▶ _Information supplied_:
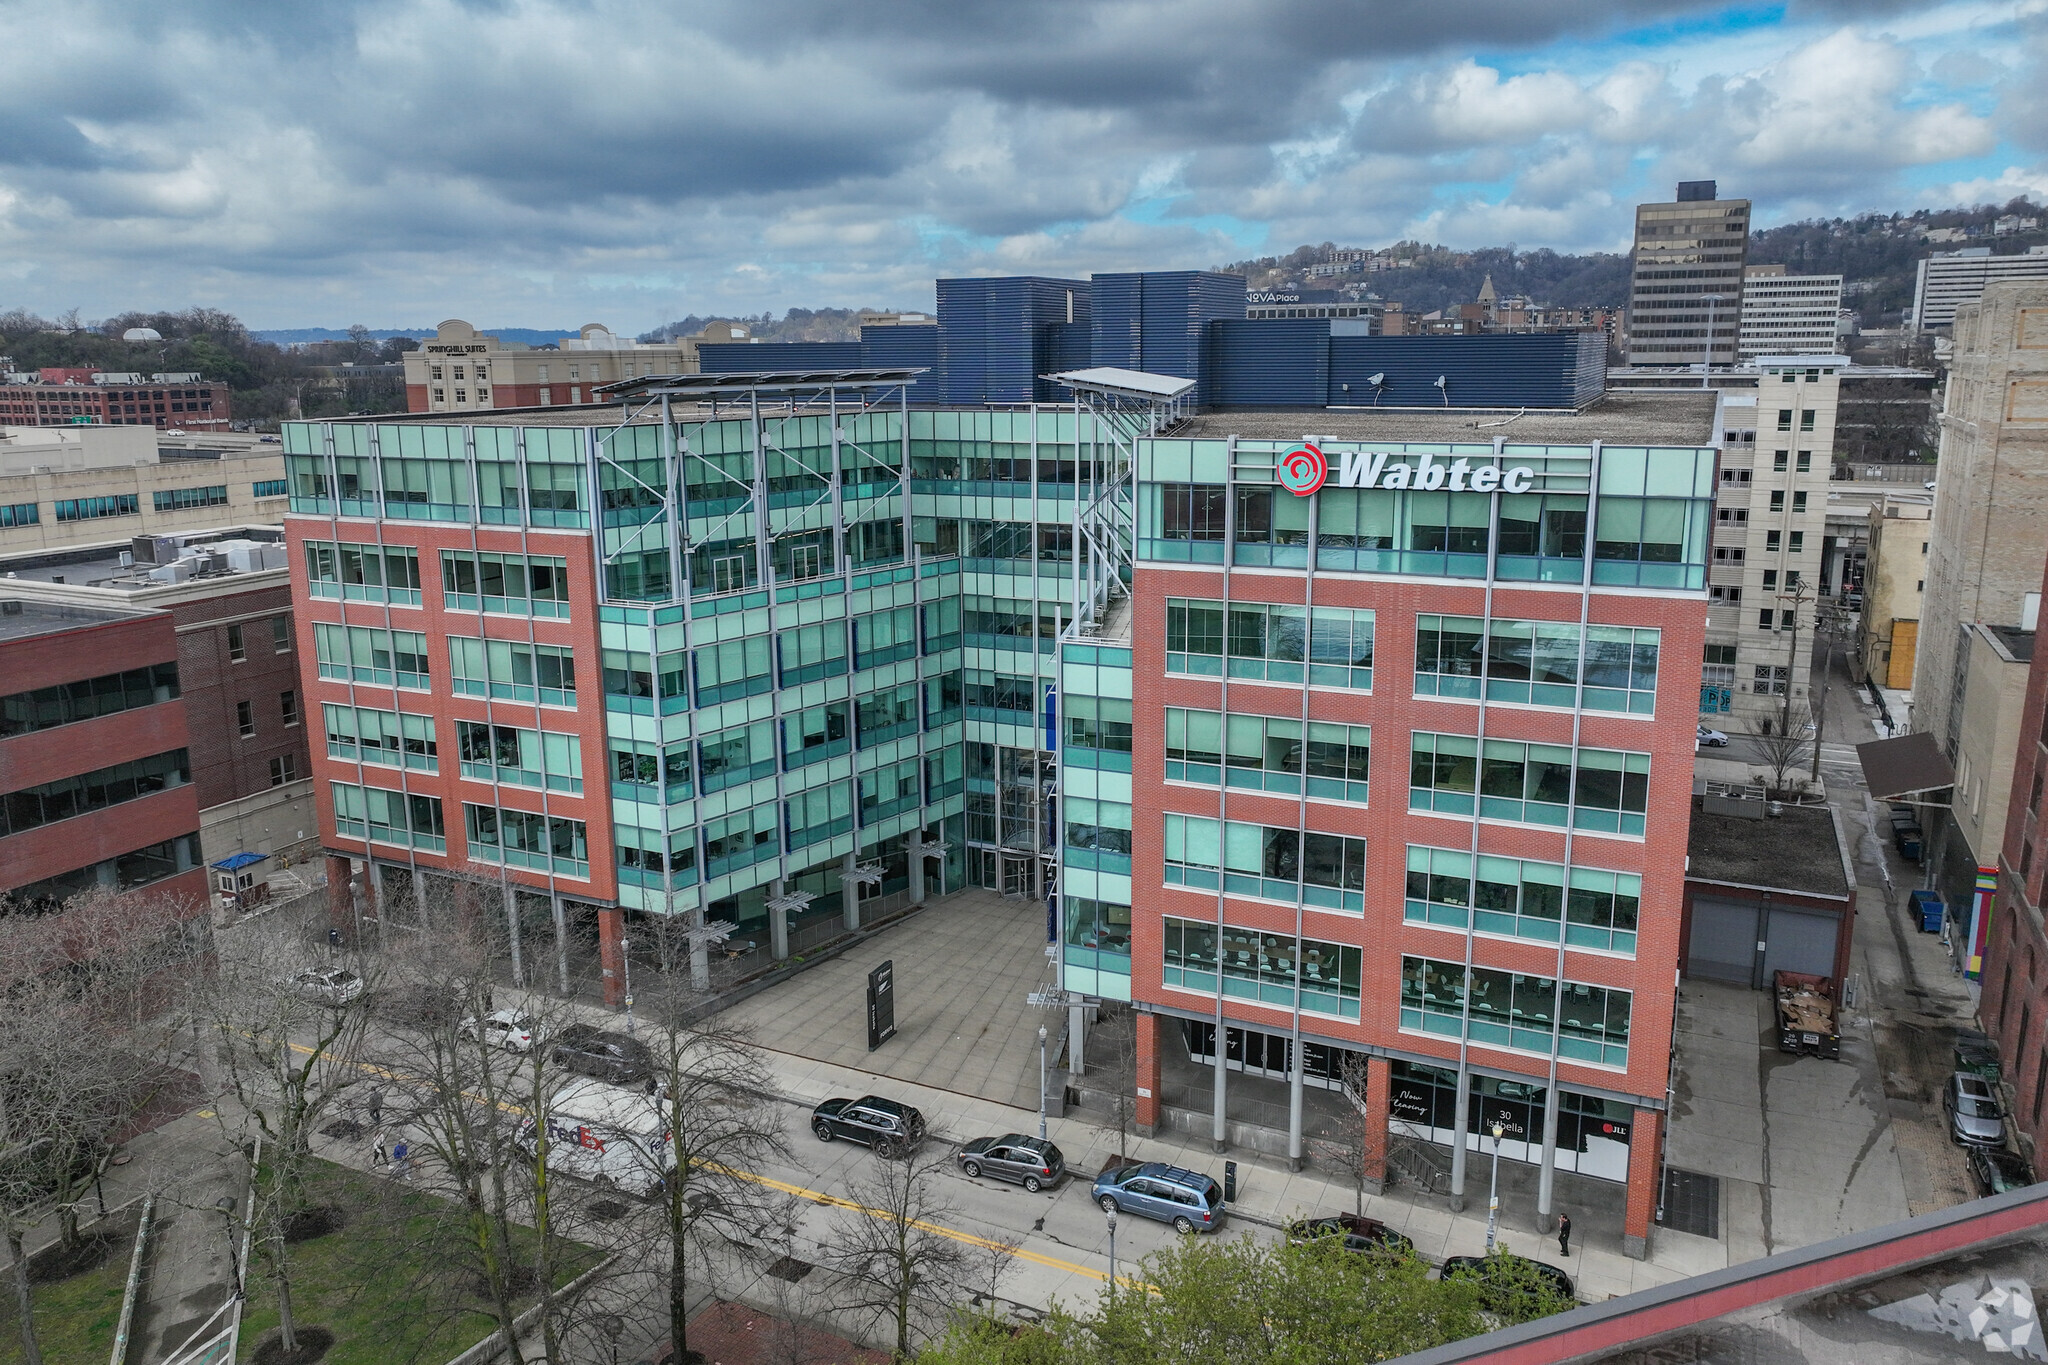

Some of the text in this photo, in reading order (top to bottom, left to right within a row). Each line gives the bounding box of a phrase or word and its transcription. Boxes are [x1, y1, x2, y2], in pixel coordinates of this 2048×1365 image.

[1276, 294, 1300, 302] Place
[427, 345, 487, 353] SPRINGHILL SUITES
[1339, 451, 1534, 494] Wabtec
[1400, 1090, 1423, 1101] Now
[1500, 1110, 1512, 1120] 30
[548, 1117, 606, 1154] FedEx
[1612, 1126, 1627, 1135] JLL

▶ _How to complete this task_: When you copy the listing above, reproduce every line exactly and skip the images.

▶ _Result of the task_:
Some of the text in this photo, in reading order (top to bottom, left to right within a row). Each line gives the bounding box of a phrase or word and its transcription. Boxes are [x1, y1, x2, y2], in pixel coordinates of this 2048×1365 image.

[1276, 294, 1300, 302] Place
[427, 345, 487, 353] SPRINGHILL SUITES
[1339, 451, 1534, 494] Wabtec
[1400, 1090, 1423, 1101] Now
[1500, 1110, 1512, 1120] 30
[548, 1117, 606, 1154] FedEx
[1612, 1126, 1627, 1135] JLL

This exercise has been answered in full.